WORK ITEM:
In the records below, one line contains "Some of the text". Print that line and every line after it exactly, down to the final one.

START TASK INPUT

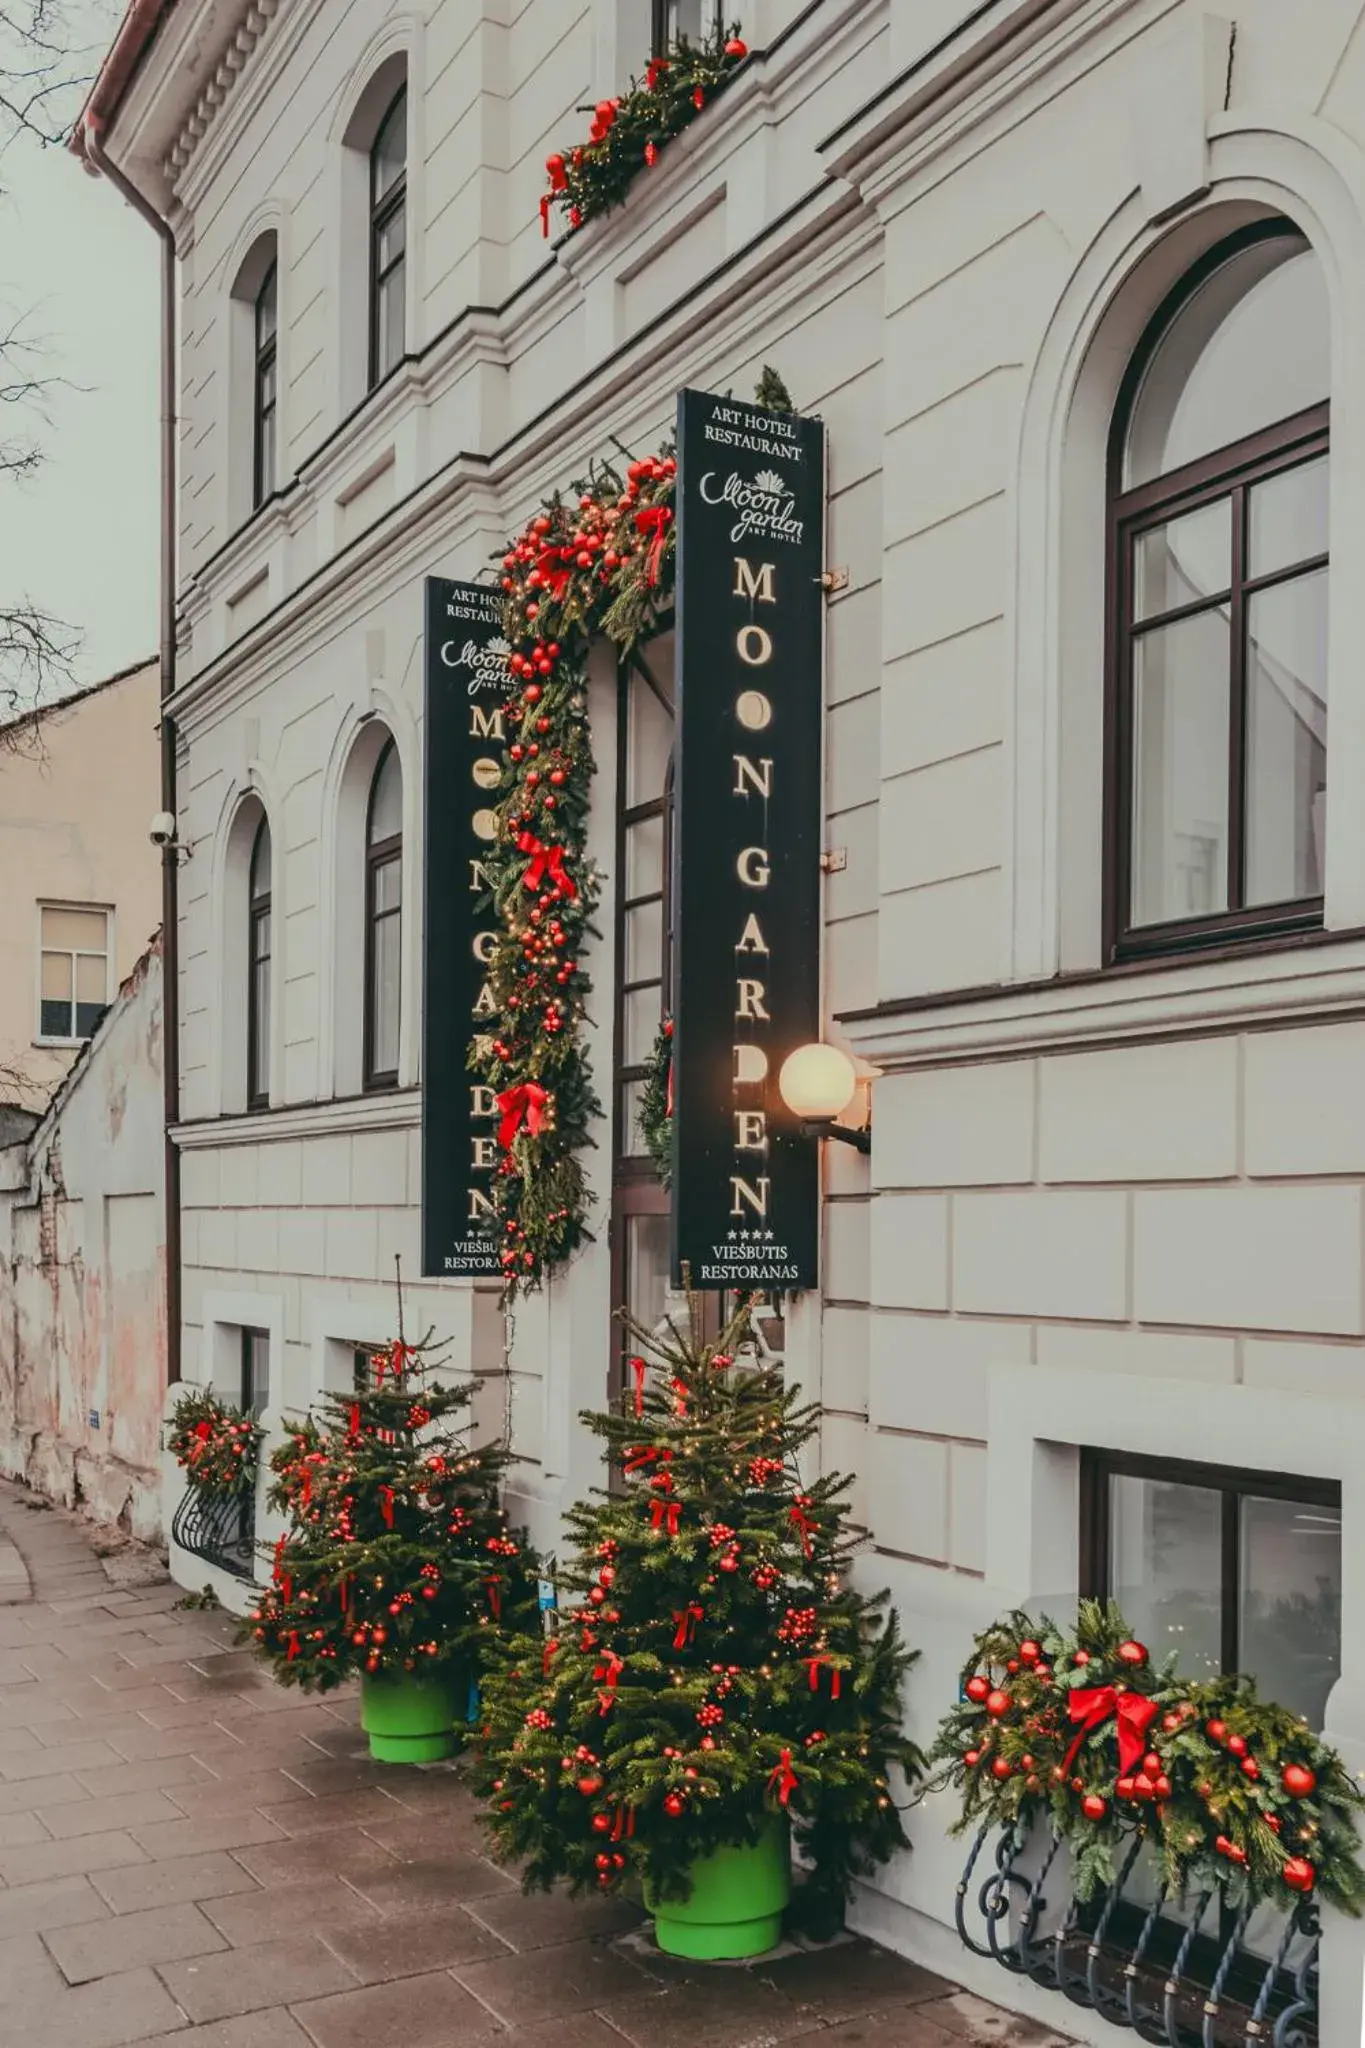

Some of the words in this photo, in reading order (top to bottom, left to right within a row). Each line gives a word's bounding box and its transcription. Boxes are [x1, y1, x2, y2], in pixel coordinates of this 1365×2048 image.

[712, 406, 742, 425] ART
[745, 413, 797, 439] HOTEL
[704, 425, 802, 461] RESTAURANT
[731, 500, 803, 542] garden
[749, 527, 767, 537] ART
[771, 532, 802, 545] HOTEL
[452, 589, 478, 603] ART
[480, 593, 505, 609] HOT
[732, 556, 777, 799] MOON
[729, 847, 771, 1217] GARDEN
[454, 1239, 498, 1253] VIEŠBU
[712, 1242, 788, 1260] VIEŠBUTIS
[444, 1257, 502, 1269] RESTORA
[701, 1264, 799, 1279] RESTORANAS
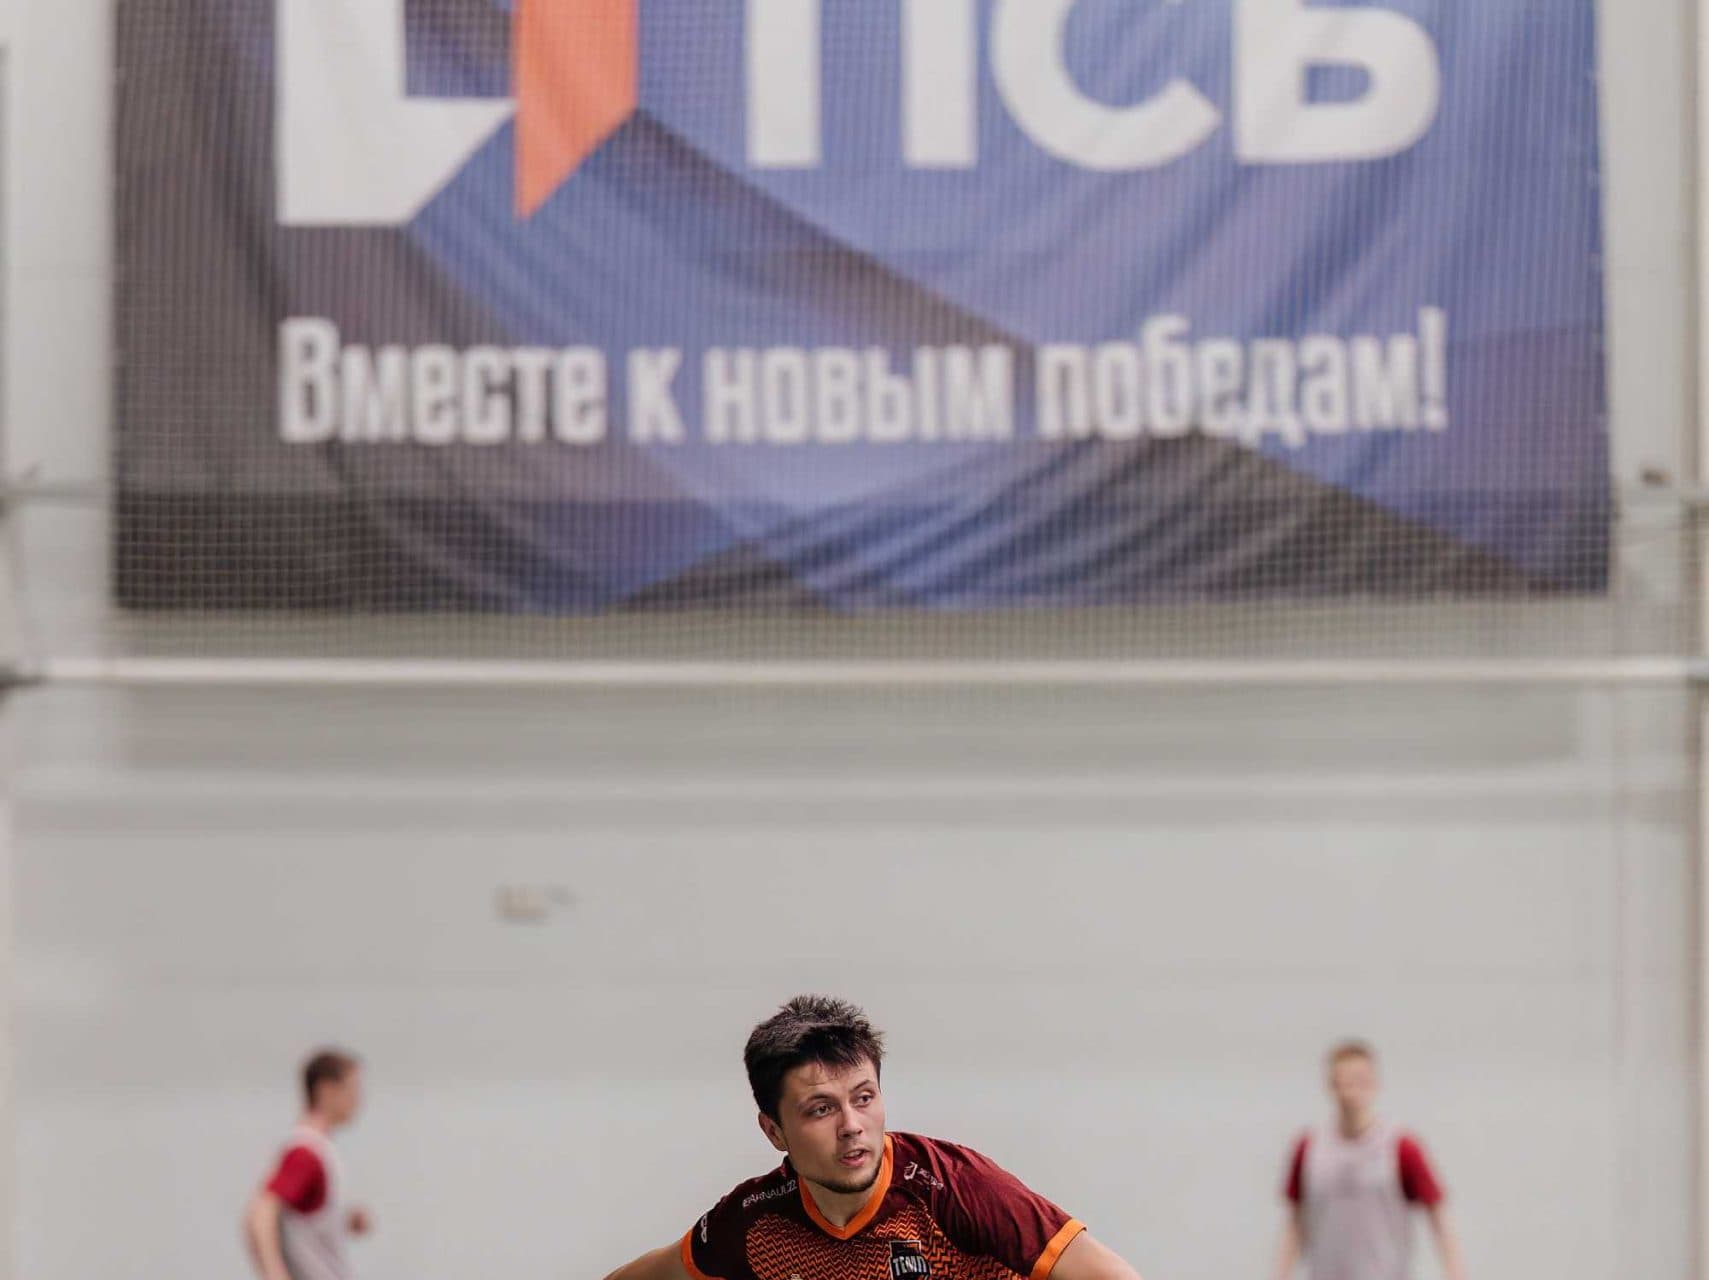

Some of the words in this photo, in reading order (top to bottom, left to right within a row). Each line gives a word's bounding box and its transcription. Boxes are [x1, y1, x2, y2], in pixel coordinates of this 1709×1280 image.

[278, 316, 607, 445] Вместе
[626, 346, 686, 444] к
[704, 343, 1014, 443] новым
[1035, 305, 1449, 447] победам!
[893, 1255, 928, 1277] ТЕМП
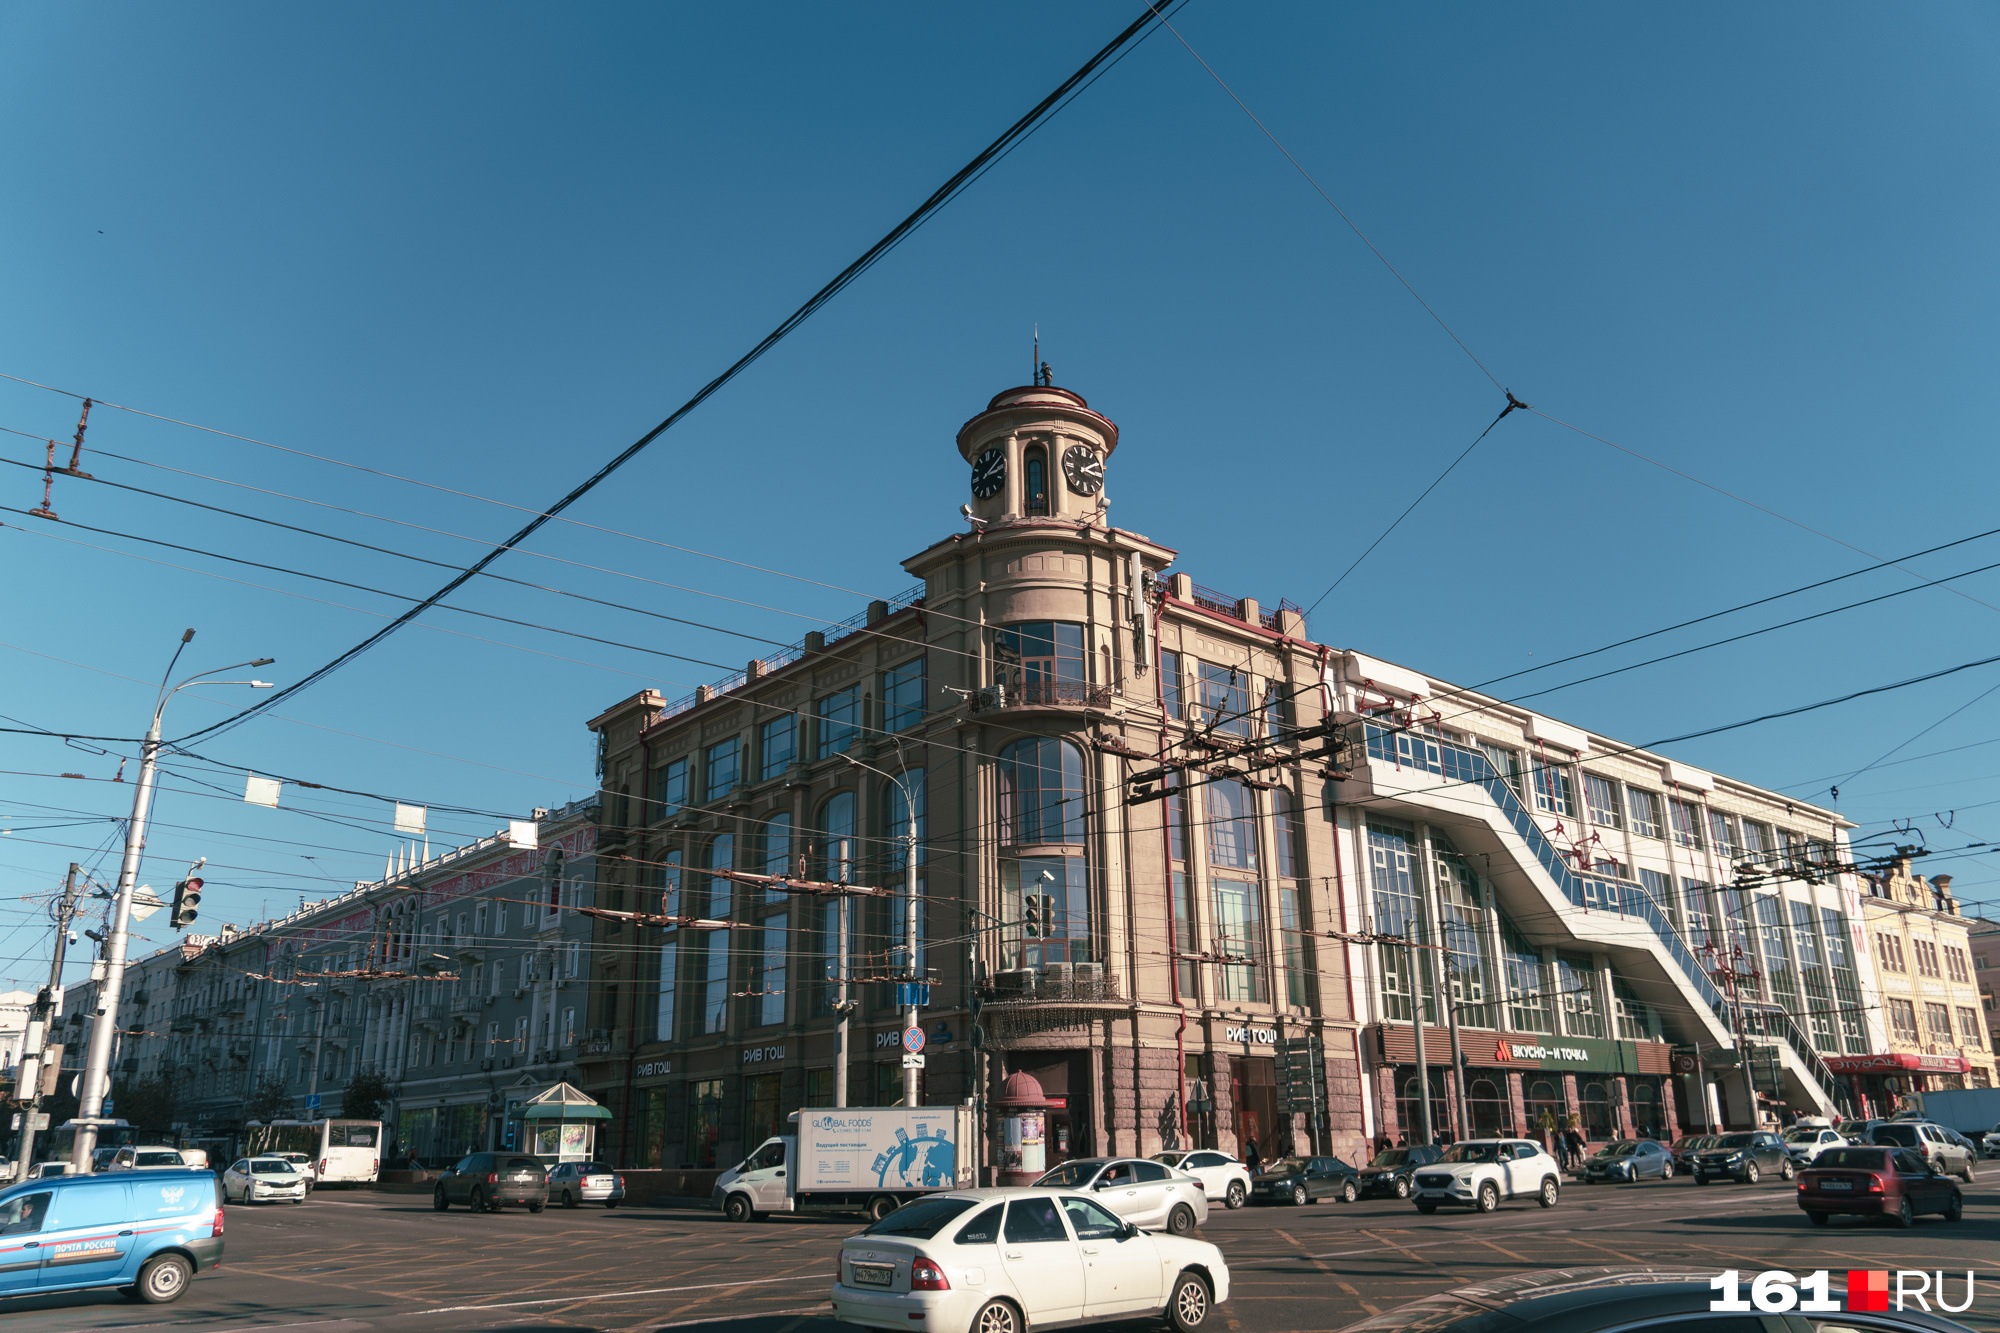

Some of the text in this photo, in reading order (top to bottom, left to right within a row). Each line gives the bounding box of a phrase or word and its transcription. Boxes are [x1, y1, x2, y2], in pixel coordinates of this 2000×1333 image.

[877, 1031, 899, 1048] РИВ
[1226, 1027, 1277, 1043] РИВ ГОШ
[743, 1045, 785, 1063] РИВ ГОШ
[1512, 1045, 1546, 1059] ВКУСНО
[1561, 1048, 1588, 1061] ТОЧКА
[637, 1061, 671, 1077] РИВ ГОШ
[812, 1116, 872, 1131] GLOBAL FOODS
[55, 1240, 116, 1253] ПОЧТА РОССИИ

END TASK INPUT

COMPLETED TASK:
Some of the text in this photo, in reading order (top to bottom, left to right within a row). Each line gives the bounding box of a phrase or word and its transcription. Boxes are [x1, y1, x2, y2], in pixel coordinates of this 2000×1333 image.

[877, 1031, 899, 1048] РИВ
[1226, 1027, 1277, 1043] РИВ ГОШ
[743, 1045, 785, 1063] РИВ ГОШ
[1512, 1045, 1546, 1059] ВКУСНО
[1561, 1048, 1588, 1061] ТОЧКА
[637, 1061, 671, 1077] РИВ ГОШ
[812, 1116, 872, 1131] GLOBAL FOODS
[55, 1240, 116, 1253] ПОЧТА РОССИИ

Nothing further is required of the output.